How quickly you have forgotten the outpouring of support from across the world to America and Americans after the 9-11 incident. It is the policies of President Bush since then that has caused the overwhelming negative feelings in U.S. allies.
They have been dragged into a war that has no possible stable outcome. The entire middle-east situation has been a mess for generations and Iraq has no better chance of being any more stable than the long-running Palestinian-Israeli situation.
They were dragged into it by duress. The, "You are either with us or against us," comment by President Bush was particularly disturbing to many.
Many people outside the U.S. feel that the recent policies of President Bush have done more to de-stablize and polarize the world that they live in than Iraq ever did.
The U.S. isn't exactly the leading light in the world for unbiased media. Media bias is no better or worse anywhere else than it is in the U.S. One difference in media is that there is not media censorship like the U.S. is going through right now.

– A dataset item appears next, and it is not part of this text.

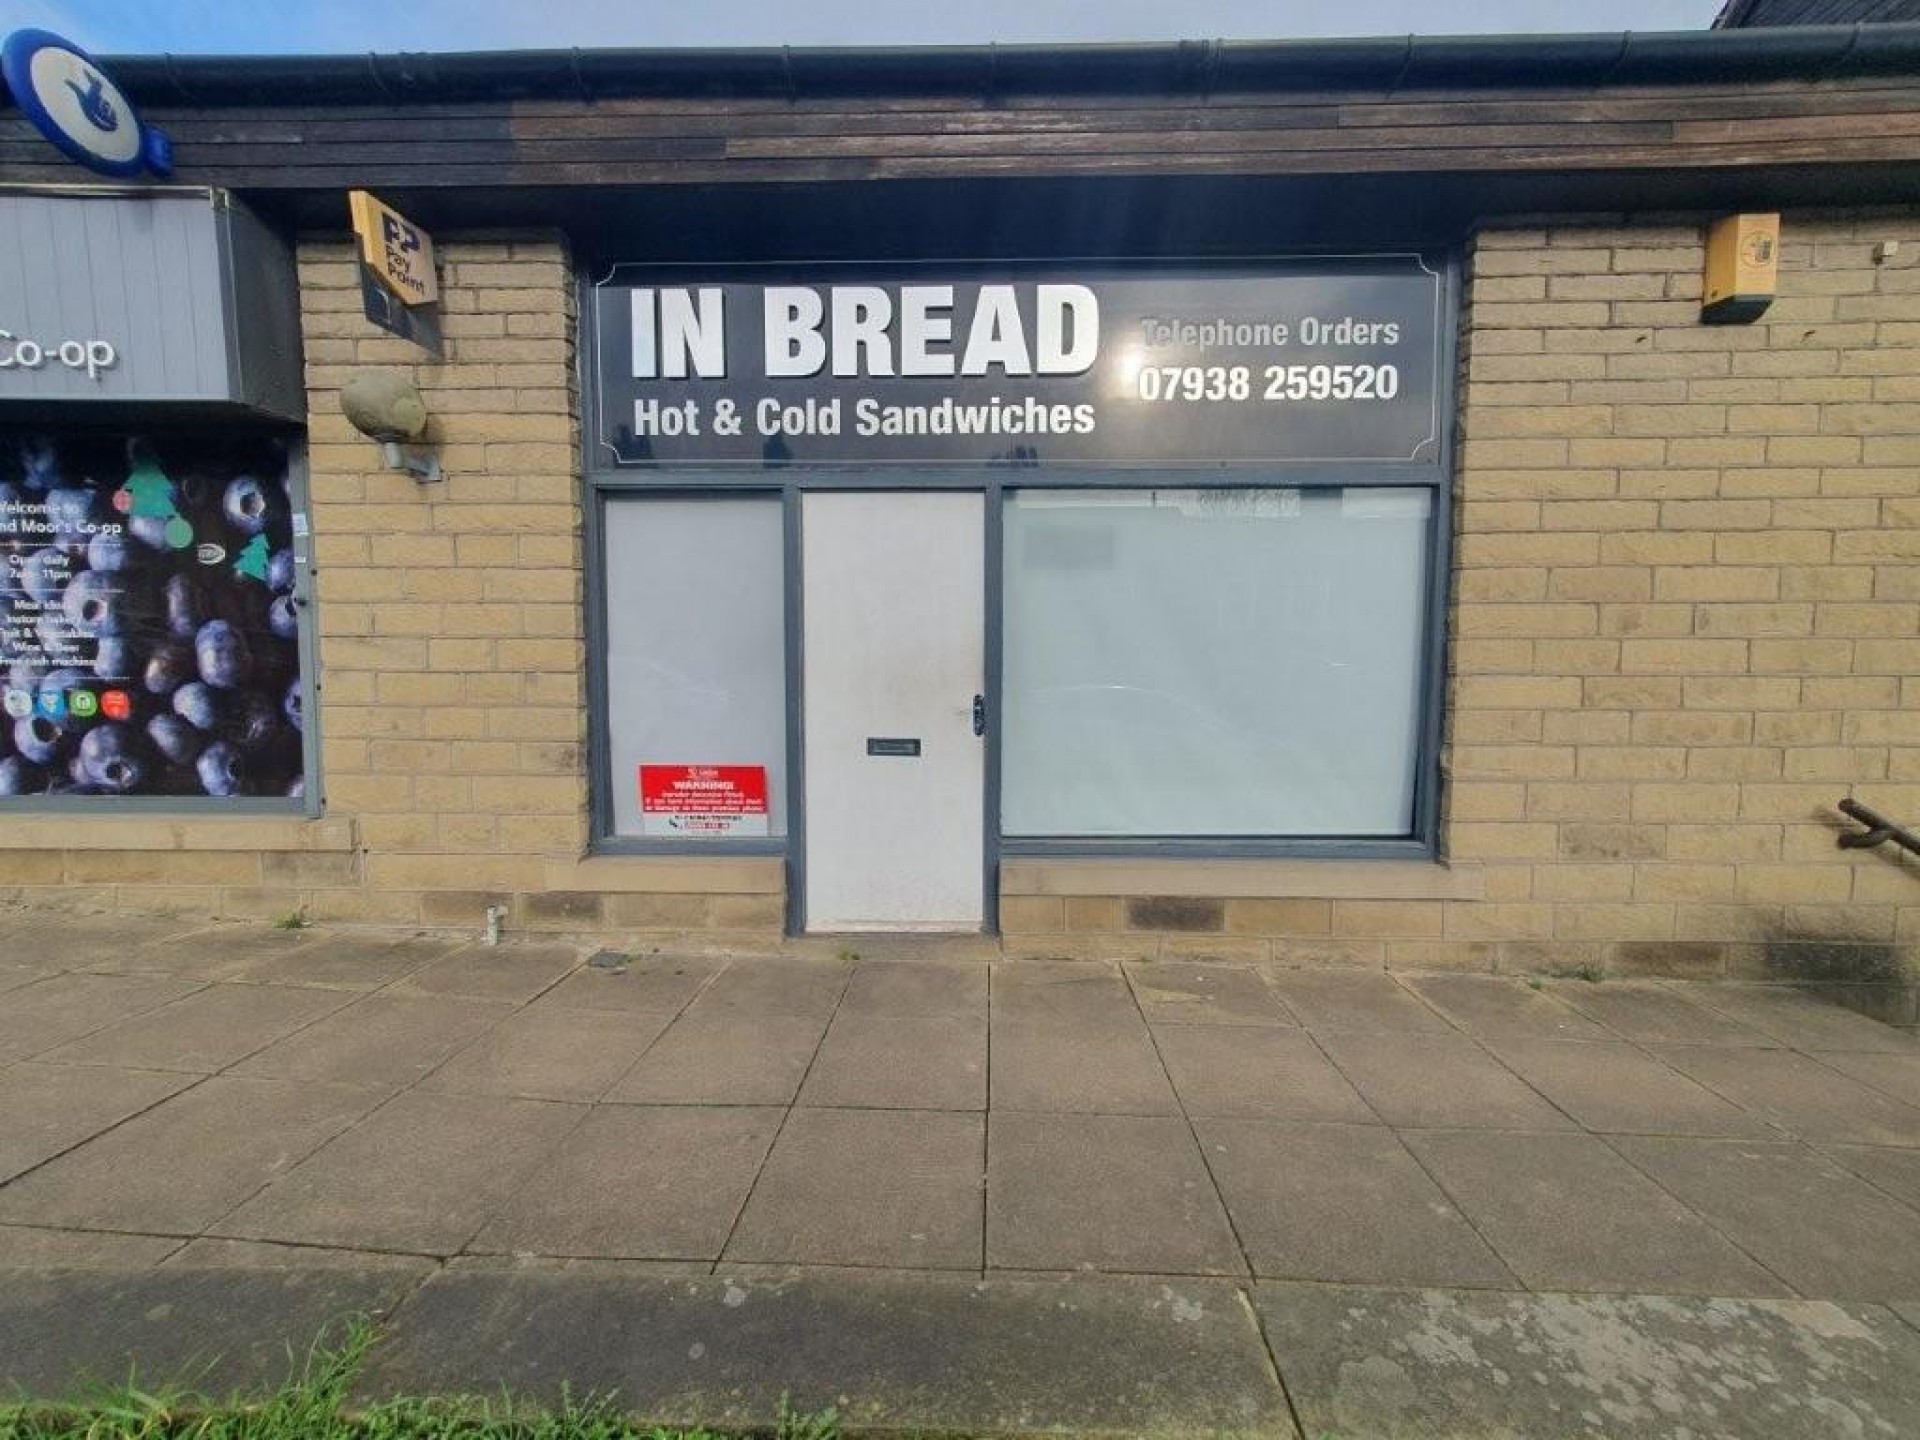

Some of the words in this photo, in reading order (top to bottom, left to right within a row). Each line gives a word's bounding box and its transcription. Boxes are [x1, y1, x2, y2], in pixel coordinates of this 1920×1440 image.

People outside the U.S. are allowed to see more graphic photos and TV images of what 'collateral damage' really means for the over 10,000 civilians, women and children killed and 70,000 wounded so far. You aren't allowed to see those images, or even the caskets of your own dead in the U.S. I have to believe that that has a profound effect when people ask themselves the question, "Now, why are we supporting this war in Iraq again?"
Sometimes those who are a few steps removed can see things with a broader view. Many people felt the 'evidence' of Iraqi WMD presented before the world, and the 'evidence' that Saddam Hussein could deliver them quickly, on demand, were the points that made even skeptics say that perhaps we had better give tacit approval to U.S. action to disarm him. Those two points gave the slight nudge to those sitting on the fence.
It may not matter if everyone was deceived or the administration was incompetent - the result is the same. The captain of the ship is telling the passengers to stay the course and they are either with him or against him. But he is blind to the field of icebergs he has steered the ship, with all the passengers, barrelling into at flank speed.